As the young man went into the kitchen, Avril Weston pushed herself from her chair and came over to join her husband. The four stood silently, watching the door. Eventually, the sobbing began, growing louder, heart-rending. Avril started for the kitchen; at first Nolan held her back, but eventually he released her hand and allowed her to go to her stepson.
She returned a minute later, maybe two, with the letter, which she handed to her husband. He held it up and began to read: 'My lovely Ray, When you receive this, you'll know. Dad will have explained everything, and although he did not know that I was going to do what I've done, I know that he'll understand and that he'll support my decision.
I watched you grandmother die of cancer when I was your age. It all but destroyed me, and I will not put you through the same experience. I'm not afraid of what I would have faced, and I am not doing this thing for me, but for you and for your father, because I love you both so very much.'
Nolan Weston's voice faltered for a moment, but he gathered himself and read on.
'I want you to live the rest of your life for me, and to be all you can be for my sake. Of all the good things in my life, and there have been many, you and Dad have been absolutely the best.
Live well for me.
With all my love
Mum'
He looked up as he finished and saw that Ray had come back into the room. They embraced, father and son, as if they were welding their grief together. Mackie nodded towards the conservatory, and the two women followed him, leaving them together.
Eventually, the two tall Westons rejoined them. 'Do you need the letter as well?' asked Raymond.

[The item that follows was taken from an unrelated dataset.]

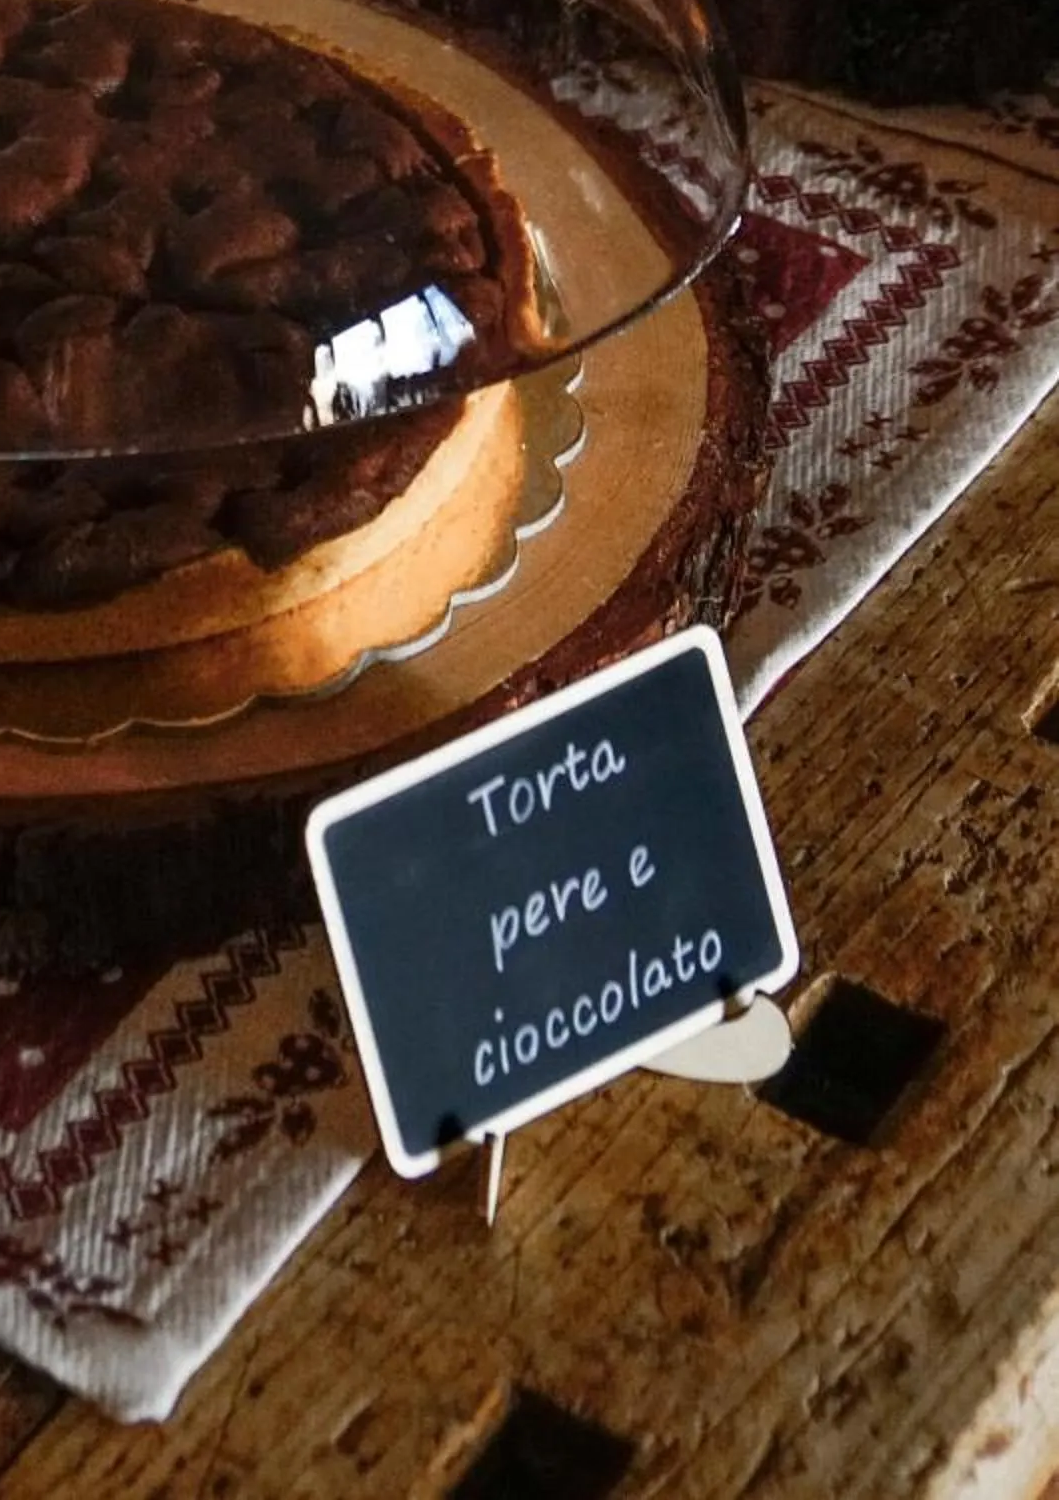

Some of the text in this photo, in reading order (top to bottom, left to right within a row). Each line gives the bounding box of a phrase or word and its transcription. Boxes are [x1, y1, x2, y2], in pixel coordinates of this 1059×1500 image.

[467, 739, 626, 837] Torta
[489, 845, 656, 973] pere e
[473, 928, 723, 1086] cioccolato

'No,' said Mackie. 'Not just now anyway. I don't think for a moment that there'll be any prints on that other than your mum's. The envelope's all we need.'
'But,' the young man demanded, 'if Mum didn't post it herself, then who did? Did she give it to her secretary?'
The detectives looked at each other. Almost imperceptibly, Mackie nodded. 'No,' said Rose. 'We know that your mother wrote the letter only a few hours before she died. We believe that it was posted next day, by the person who helped her end her life.'
'That's what all this is about?' Raymond Weston exclaimed.
'Someone killed my mum?'
Rose replied simply. 'Yes.'
'But that's not right!' the young man shouted. 'It should have been me. Or Dad. Dad, why didn't you help her?'
'Believe me son,' said Nolan, quietly. 'If she had asked me to, I would have. But she loved both of us too much ever to have involved us.'
'Ray,' asked Mackie, briskly, 'does the name Deacey — that's D-E-A-C-E-Y — mean anything to you?'
'Deacey? Never heard of him? Why? Was it him?'
'We don't know that. We just need to find him, that's all. Professor, does the name mean anything to you?
Weston dropped his eyes and shook his head. 'The third arrow, I guess,' he murmured, sadly, Avril's presence forgotten completely.